This evening, I am providing summary information on Robert Tannahill (1774-1810), a poet from  Paisley in the West of Scotland.

Interestingly, Tannahill was a contemporary of Scotland’s National Poet, Robert Burns ( 1759-1796) and both died at similar age, Burns age 37 yrs and Tannahill age 36 yrs. There was a further link in that Tannahill was the first secretary of the Paisley Burns Club which was founded in 1805 and ranks as the world’s oldest.

Paisley has a long tradition of weaving and textiles with chief manifestation being the renowned ‘Paisley Pattern’. Before industrialisation, Paisley had  a large workforce of weavers to which trade Tannahill was apprenticed at age 12 years.

In 1802, when Tannahill was age 28 yrs, his father died leaving Robert as family head. The video clip above shows the combined home and weaving shop where the Tannahill family lived in Queen Street.

Tannahill began to focus on his penchant for poetry and was a founder member of the Paisley Literary and Convivial Association.

In 1807 Tannahill published a 175 page volume of his songs and poems.
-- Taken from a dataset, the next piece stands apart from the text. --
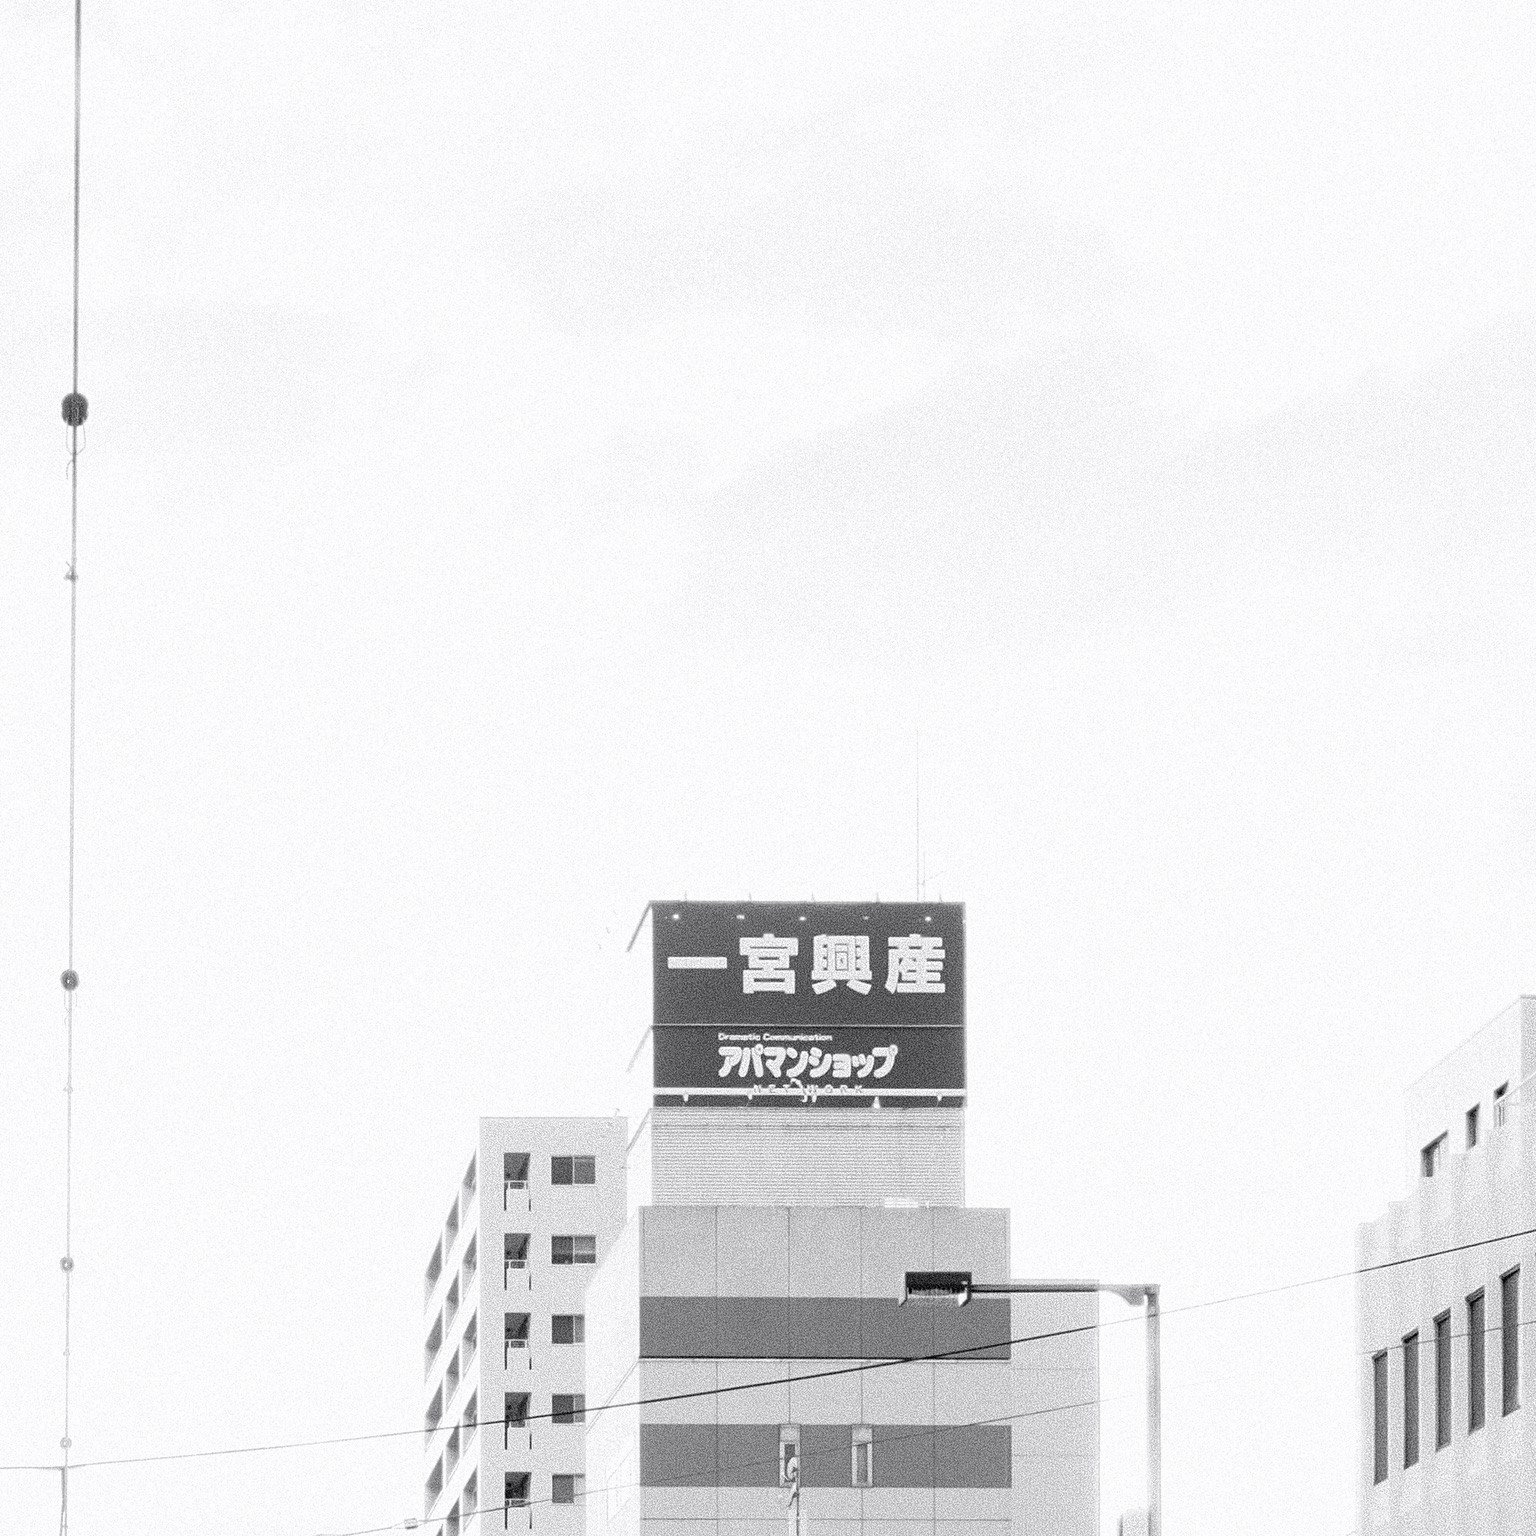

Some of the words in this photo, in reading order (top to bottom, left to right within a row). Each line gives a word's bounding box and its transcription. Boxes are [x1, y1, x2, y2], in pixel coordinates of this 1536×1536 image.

[667, 933, 946, 995] 一宮興産
[718, 1044, 898, 1078] アパマンショップ
All 900 copies were sold. His works were inspired by the local environment and scenery with best known being:

  • “Thou Bonnie Woods o’ Craigie-lea”; and
  • “The Braes o’Gleniffer”

However, subsequent attempts at publication were not successful. It is believed that rejection by publishers triggered a depression which led to Tannahill being found drowned on May 17th 1810 in a culvert near his home.

There is a statue of Robert Tannahill near to the Abbey in the centre of Paisley.